# What this task involves
Once the line containing "this 2212×1659 image." is found in the data below, output that line and every line after it through the last, unchanged and with nothing else.
Segment Start: Record set
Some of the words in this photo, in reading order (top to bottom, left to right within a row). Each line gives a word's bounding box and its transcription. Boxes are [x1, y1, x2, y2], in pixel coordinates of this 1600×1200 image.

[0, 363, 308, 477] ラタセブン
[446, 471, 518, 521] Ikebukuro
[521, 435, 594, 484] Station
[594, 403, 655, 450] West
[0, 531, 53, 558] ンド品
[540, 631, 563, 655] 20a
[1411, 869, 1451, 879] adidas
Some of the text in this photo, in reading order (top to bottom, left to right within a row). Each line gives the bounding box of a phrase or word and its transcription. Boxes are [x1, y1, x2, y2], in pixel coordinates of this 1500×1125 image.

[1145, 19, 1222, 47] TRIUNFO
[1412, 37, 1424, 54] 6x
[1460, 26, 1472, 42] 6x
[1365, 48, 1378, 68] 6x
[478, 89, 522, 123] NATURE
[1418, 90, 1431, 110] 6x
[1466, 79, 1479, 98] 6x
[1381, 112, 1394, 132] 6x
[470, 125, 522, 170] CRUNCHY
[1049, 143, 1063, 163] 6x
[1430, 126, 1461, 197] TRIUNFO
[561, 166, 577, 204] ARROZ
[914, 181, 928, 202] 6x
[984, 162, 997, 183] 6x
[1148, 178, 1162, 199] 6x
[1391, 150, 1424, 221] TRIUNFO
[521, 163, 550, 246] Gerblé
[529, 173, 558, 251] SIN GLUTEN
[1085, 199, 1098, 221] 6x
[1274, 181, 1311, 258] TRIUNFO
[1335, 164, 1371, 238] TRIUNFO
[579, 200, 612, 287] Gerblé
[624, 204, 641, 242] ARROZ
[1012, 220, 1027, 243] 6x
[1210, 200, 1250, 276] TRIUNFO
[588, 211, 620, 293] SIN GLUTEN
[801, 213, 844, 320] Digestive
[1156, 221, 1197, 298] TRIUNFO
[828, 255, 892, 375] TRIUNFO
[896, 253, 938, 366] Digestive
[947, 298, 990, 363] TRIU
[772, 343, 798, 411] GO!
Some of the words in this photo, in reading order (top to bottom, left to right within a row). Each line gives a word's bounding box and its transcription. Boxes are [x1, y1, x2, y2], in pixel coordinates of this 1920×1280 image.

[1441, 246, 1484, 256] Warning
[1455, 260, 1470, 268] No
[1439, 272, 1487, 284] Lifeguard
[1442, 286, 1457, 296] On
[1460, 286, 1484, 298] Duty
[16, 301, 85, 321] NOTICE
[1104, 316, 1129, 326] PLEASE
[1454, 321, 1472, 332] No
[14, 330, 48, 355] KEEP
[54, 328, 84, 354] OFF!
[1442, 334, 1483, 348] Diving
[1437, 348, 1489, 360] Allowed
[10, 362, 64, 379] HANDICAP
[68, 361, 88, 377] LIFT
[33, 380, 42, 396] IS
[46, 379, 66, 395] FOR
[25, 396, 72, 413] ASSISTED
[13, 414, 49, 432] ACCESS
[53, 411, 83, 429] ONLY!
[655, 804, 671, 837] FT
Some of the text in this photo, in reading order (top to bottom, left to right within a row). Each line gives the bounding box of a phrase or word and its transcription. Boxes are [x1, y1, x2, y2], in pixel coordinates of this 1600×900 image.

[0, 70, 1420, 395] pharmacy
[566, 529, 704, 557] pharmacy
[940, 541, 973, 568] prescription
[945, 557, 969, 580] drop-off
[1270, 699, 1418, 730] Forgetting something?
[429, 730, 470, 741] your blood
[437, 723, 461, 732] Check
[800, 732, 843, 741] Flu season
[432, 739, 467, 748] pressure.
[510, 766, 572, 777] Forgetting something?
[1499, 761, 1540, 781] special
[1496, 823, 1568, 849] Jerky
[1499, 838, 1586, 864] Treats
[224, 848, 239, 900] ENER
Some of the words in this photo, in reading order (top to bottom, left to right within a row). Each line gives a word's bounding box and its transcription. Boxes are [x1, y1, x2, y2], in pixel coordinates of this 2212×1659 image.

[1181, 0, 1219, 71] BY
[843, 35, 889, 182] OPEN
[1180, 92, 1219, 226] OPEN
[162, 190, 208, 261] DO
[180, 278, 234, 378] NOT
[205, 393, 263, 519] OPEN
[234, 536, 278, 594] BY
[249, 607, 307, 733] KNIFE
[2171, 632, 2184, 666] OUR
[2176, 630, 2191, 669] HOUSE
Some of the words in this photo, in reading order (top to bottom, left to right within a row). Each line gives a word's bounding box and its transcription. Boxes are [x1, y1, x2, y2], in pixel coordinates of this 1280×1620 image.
Segment End: Record set
# Result of the exercise
Some of the words in this photo, in reading order (top to bottom, left to right within a row). Each line gives a word's bounding box and its transcription. Boxes are [x1, y1, x2, y2], in pixel coordinates of this 2212×1659 image.

[1181, 0, 1219, 71] BY
[843, 35, 889, 182] OPEN
[1180, 92, 1219, 226] OPEN
[162, 190, 208, 261] DO
[180, 278, 234, 378] NOT
[205, 393, 263, 519] OPEN
[234, 536, 278, 594] BY
[249, 607, 307, 733] KNIFE
[2171, 632, 2184, 666] OUR
[2176, 630, 2191, 669] HOUSE
Some of the words in this photo, in reading order (top to bottom, left to right within a row). Each line gives a word's bounding box and its transcription. Boxes are [x1, y1, x2, y2], in pixel coordinates of this 1280×1620 image.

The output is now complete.